→ **INFORMATION**:
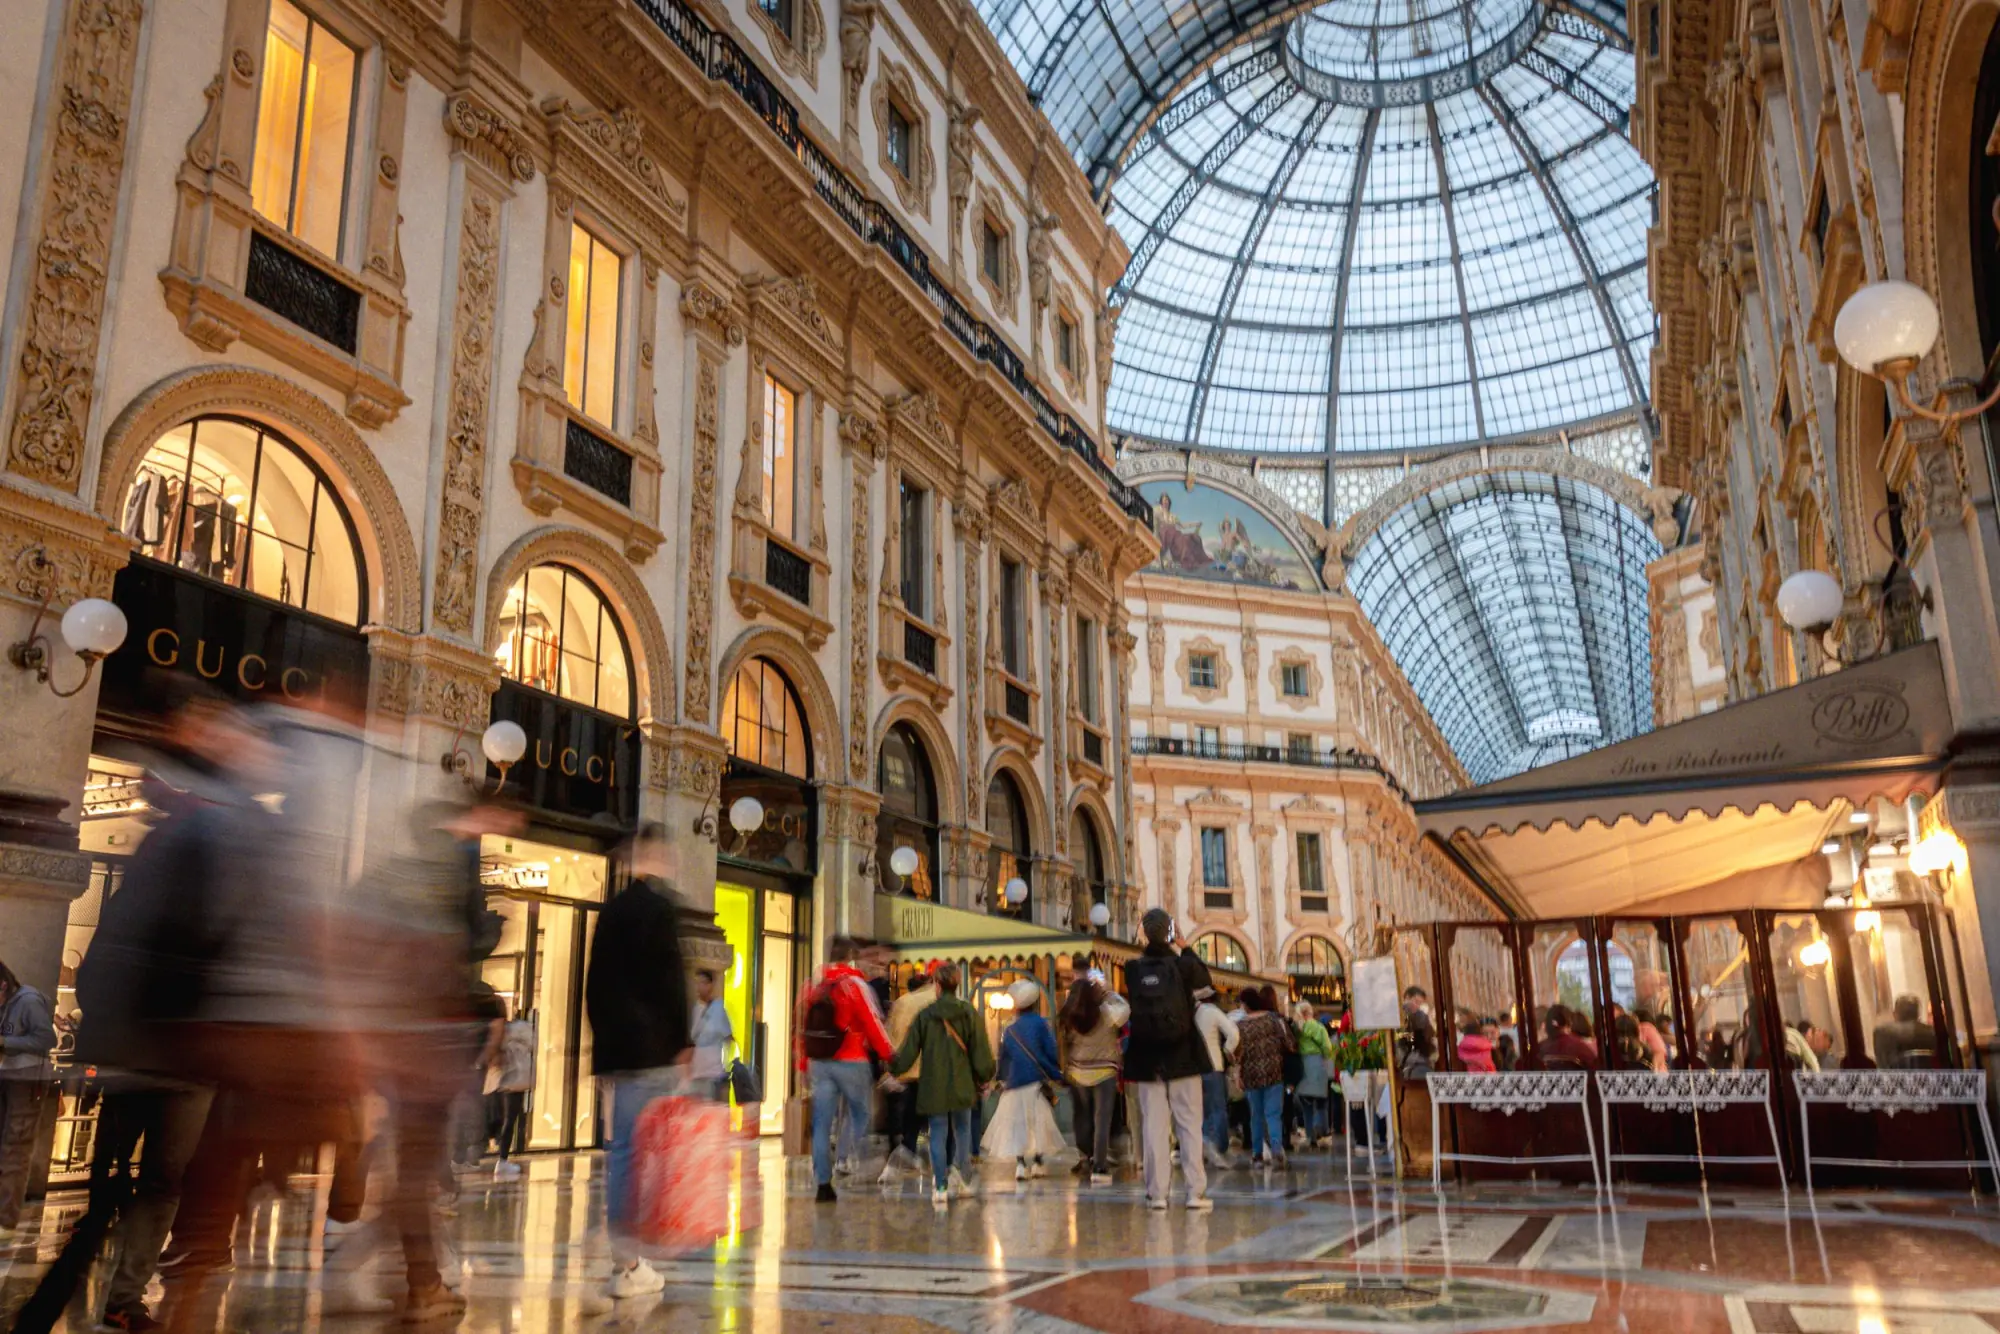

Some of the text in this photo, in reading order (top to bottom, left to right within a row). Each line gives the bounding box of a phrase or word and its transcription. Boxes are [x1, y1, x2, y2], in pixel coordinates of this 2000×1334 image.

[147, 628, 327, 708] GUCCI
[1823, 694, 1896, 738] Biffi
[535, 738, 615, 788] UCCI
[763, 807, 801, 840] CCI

→ **ASSIGNMENT**:
Write out the whole listing exactly, with no pictures.

→ **THE COMPLETED TASK**:
Some of the text in this photo, in reading order (top to bottom, left to right within a row). Each line gives the bounding box of a phrase or word and its transcription. Boxes are [x1, y1, x2, y2], in pixel coordinates of this 2000×1334 image.

[147, 628, 327, 708] GUCCI
[1823, 694, 1896, 738] Biffi
[535, 738, 615, 788] UCCI
[763, 807, 801, 840] CCI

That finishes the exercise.